Gesucht wurde nach folgenden Kompetenzen in den nationalen Lehrplänen:

  • Allgemeine Kompetenzen oder Methoden der Leserziehung in der Lehrererstausbildung
  • Umgang mit Leseschwierigkeiten in der Lehrererstausbildung
  • Bewertung der Lesekompetenz der Schüler in der Lehrererstausbildung
  • Unterricht im Lesen von Online-Texten in der Lehrererstausbildung

Für Österreich wurde sowohl im Primar- als auch im Sekundarbereich I keine dieser Kenntnisse ausgewiesen!

In Frankreich, Schweden und GBR wird von allen neu qualifizierten Lehrkräften die Fähigkeit erwartet, die Lesekompetenzen der Schüler zu entwickeln, was übrigens für alle Unterrichtsfächer gilt.

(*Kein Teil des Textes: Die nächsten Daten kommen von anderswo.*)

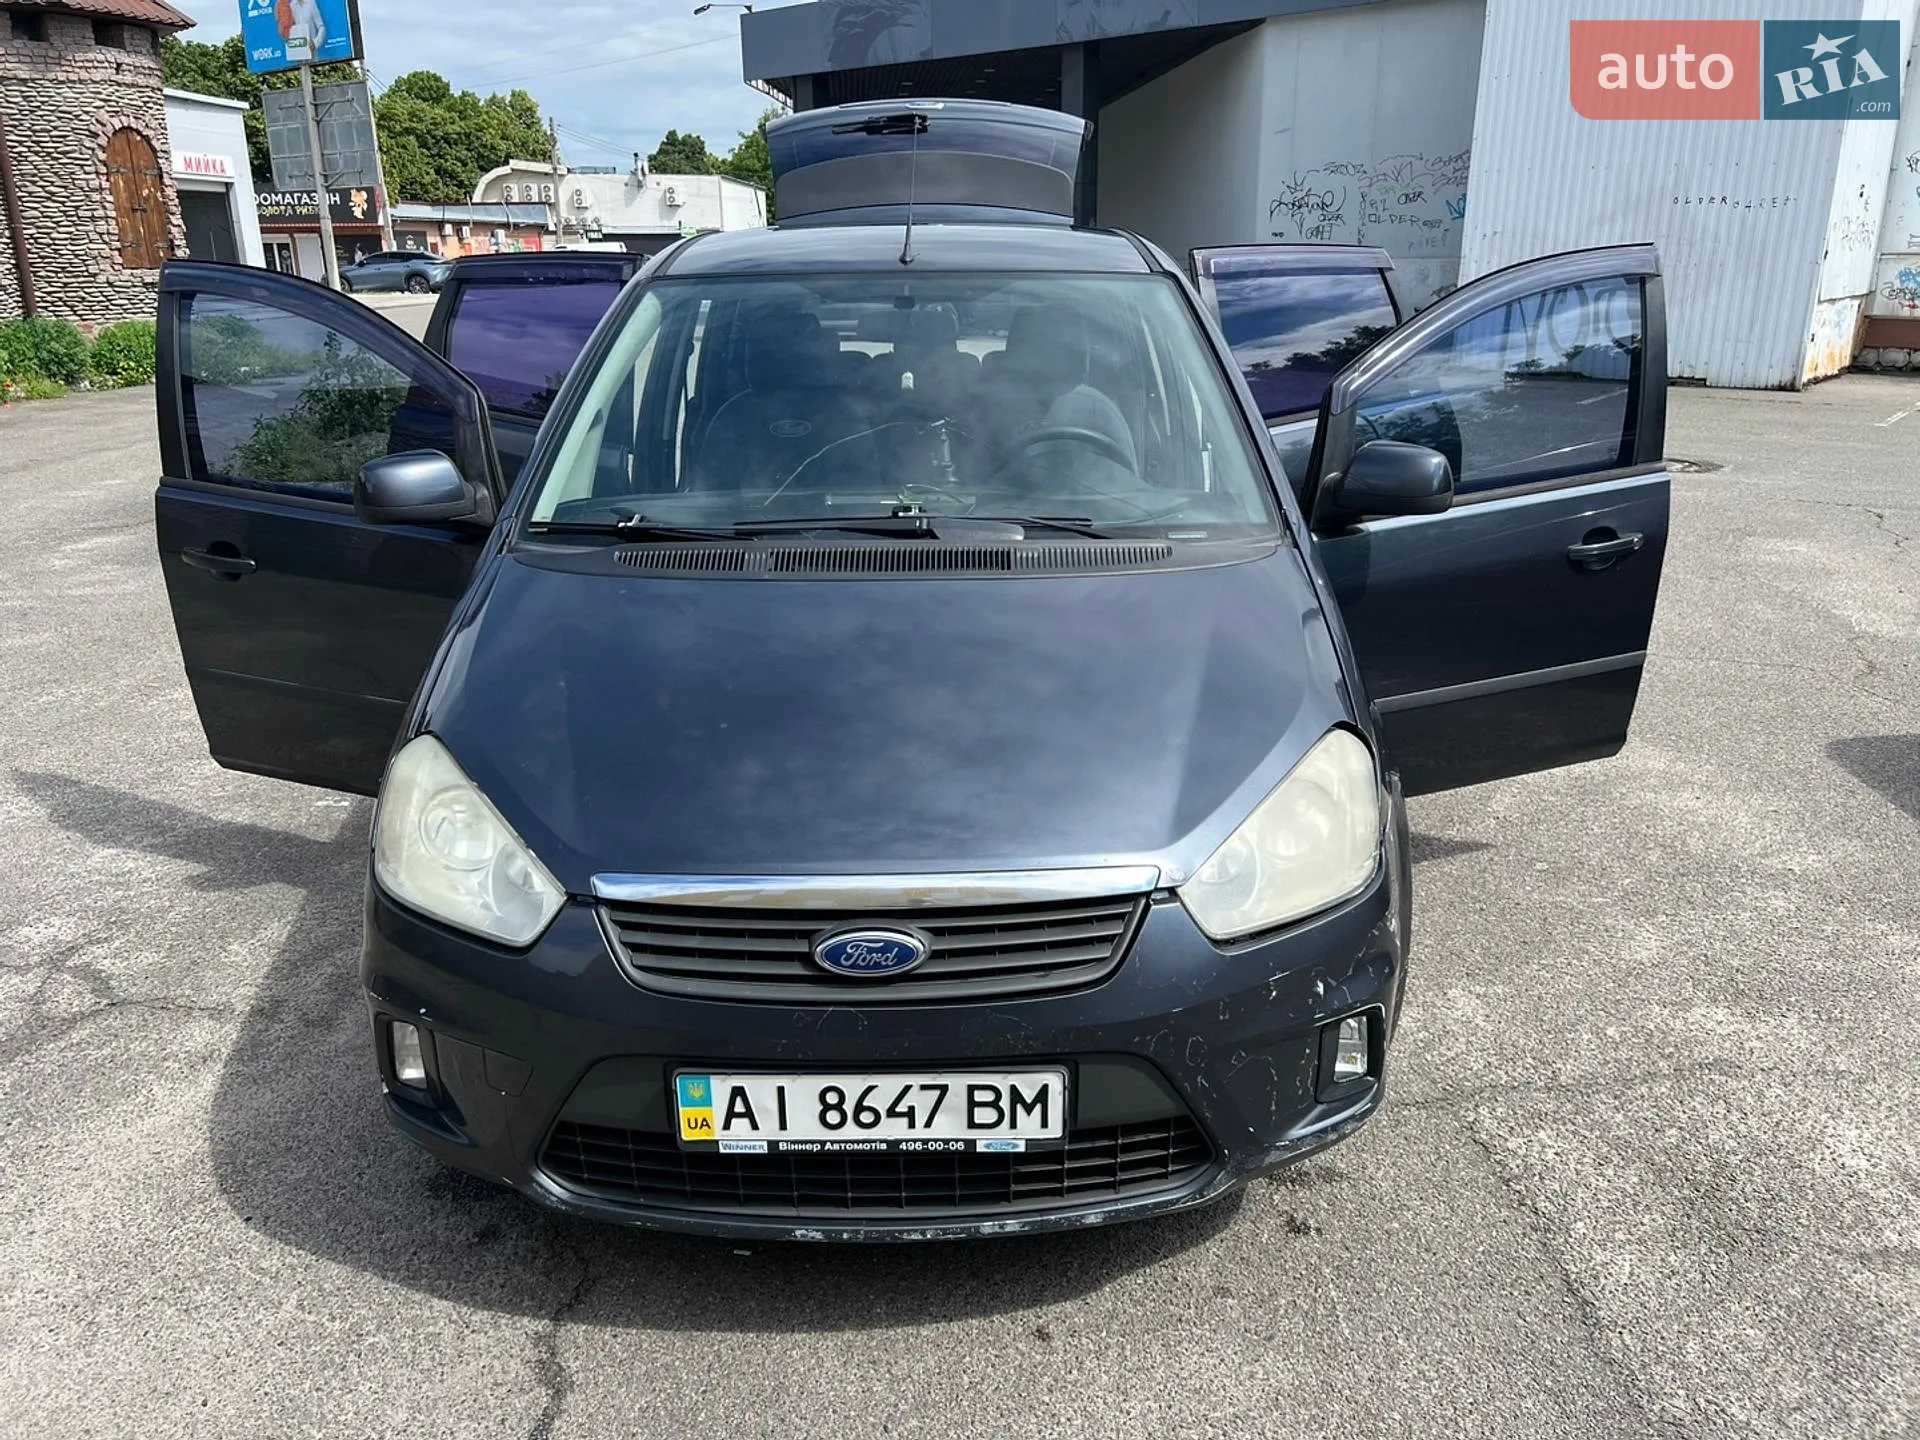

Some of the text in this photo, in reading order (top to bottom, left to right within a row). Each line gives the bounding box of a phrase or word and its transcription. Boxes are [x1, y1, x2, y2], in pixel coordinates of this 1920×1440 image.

[183, 154, 227, 175] МИЙКА
[840, 941, 899, 967] Ford
[819, 1084, 950, 1131] 8647
[687, 1117, 712, 1130] UA
[778, 1141, 965, 1152] Віннер Автомотів 496-00-06

Förderung des Lesens außerhalb der Schule

Lesen im häuslichen Umfeld und in der Familie

Dass Leseförderung nicht nur als Aufgabe der Schule zu betrachten ist, sondern auch die Familie und die Gesellschaft als Ganzes herausfordert wird immer deutlicher. Dabei gelten Leseaktivitäten der Eltern im häuslichen Umfeld als entscheidend für den Ausbau der Lesekompetenz von Kindern. Hier ist das Engagement der Eltern von zentraler Bedeutung, was selbstverständlich für die Bildung der Kinder im Allgemeinen gilt und sich in der frühen Kindheit am stärksten auswirkt.


Öffentlichen Einrichtungen wie Kindergärten, Schulen und Bibliotheken kommt in Bezug auf das Vorlesen eine wichtige Rolle zu, um das unterschiedliche Vorleseverhalten von Eltern zu kompensieren. Foto: Markt-Huter

Von Eltern angeleitete Leseaktivitäten im häuslichen Umfeld unterstützen die Entwicklung mündlicher Sprachkompetenz und der allgemeine kognitiven Fähigkeiten. In Studien wurde außerdem ein positiver Zusammenhang zwischen dem Engagement der Eltern und dem frühen Wortlesen, der Sprachflüssigkeit von Kindern und der Motivation, sowie dem Interesse und dem Vergnügen am Lesen festgestellt.

Eltern, die ihren Kindern bestimmte Lese- und Schreibfertigkeiten beibrachten – wie z. B. das Alphabet, Wortlesen oder Laut-Buchstaben-Entsprechungen – waren doppelt so wirksam wie Eltern, die ihren Kindern beim Vorlesen zuhörten, und sechs Mal wirksamer als Eltern, die ihren Kindern vorlasen.“
Leseerziehung in Europa: Kontexte, politische Maßnahmen und Praktiken (S. 114)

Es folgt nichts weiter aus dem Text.